Su Twitter la discussione è rovente. Da una parte chi gongola sottolineando la vicinanza della showgirl a ideologie di destra, dall’altra chi grida alla vergogna
Il coming out di Chiara Capitta, la figlia minore di Lorella Cuccarini, ha sollevato un polverone social. Le parole della 23enne, che rispondendo ad alcune domande su Instagram sul suo orientamento sessuale ha dichiarato di non amare etichette e di innamorarsi di una persona indipendentemente dal genere, sono pane per i denti dei detrattori della mamma, in passato più volte criticata per frasi e prese di posizione considerate vicine a ideologie di destra.
La “sovranista” Cuccarini – anche così è stata spesso definita la showgirl – è finita al centro di una deplorevole gogna su Twitter, dove in molti gongolano per questa notizia, convinti sia “la giusta punizione per una madre omofoba”. La sua contrarietà alle adozioni gaye alcune dichiarazioni fatte anni fa in merito a tematiche lgbt le sono costate questa etichetta, affibbiata per prima dalla storica rivale Heather Parisi, che a tal proposito tuonò: “Se uno dice ‘se avessi un figlio gay lo amerei come qualsiasi altro figlio’ (ma va?) e poi è contrario ad adozioni gay e matrimoni tra persone dello stesso sesso, non vuol dire che ‘non è allineato al politicamente corretto’. Vuol dire che è omofobo e pure ipocrita. Punto”.
Lorella Cuccarini non si è mai addentrata in grandi repliche e tesi difensive, ma la parte dell’omofoba l’ha sempre apertamente rifiutata. Eppure questo non sembra bastare ad alcuni infervorati mascherati da attivisti, che su Twitter picchiano duro. “Il karma”, “lesbica con quella fascistella ignorante della madre”, “Cuccarini destroide chissà come la pensa, la figlia sembra più intelligente” si legge, e ancora: “Mi dispiace tanto per Chiara. Chissà cosa avrà pensato delle tante uscite omofobe della madre che la ritiene una cittadina di serie B, non meritevole di avere la stessa vita dei suoi fratelli e amici eterosessuali”. Tweet velenosi che qualcuno però condanna, spostando l’attenzione su altro: “Pensare che la Cuccarini si sia meritata la figlia bisex, come se fosse una punizione per la sua omofobia, è pessimo.
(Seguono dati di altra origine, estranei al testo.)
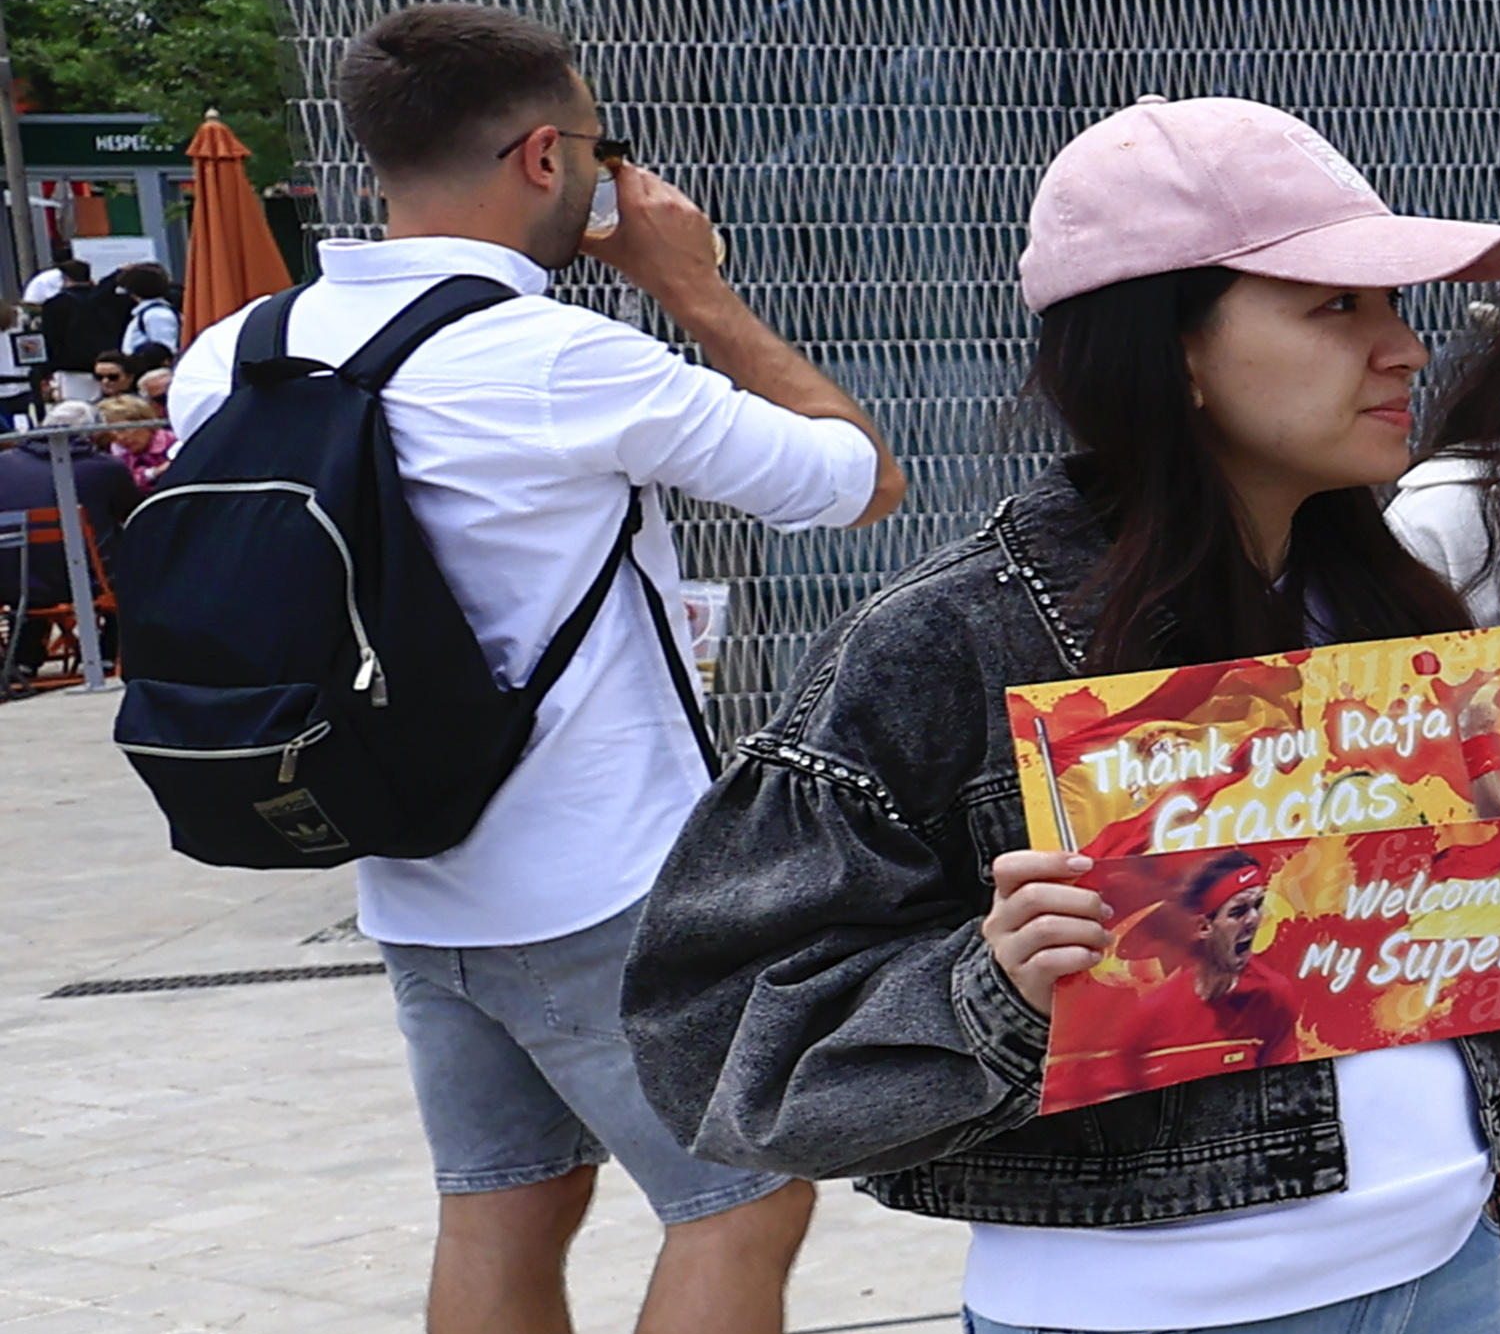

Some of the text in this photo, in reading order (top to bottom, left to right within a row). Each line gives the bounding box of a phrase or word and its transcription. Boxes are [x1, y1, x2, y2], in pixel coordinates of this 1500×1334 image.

Magari è la figlia che non si meritava una madre bigotta e omofoba e chissà quanto sarà stato difficile per lei aprirsi sapendo di avere una situazione simile in casa”.
Insomma, esultare per la notizia e parlare di “punizione” per alcuni è vergognoso ma sul tacciare Lorella Cuccarini di omofobia sarebbero tutti d’accordo: “Un figlio omosessuale non è la punizione per un genitore omofobo – si legge ancora – Un genitore omofobo è una sciagura per un figlio omosessuale. Ricordatelo sempre”. Lorella Cuccarini, intanto, guarda e tace. Tanto ormai il popolo social ha sentenziato.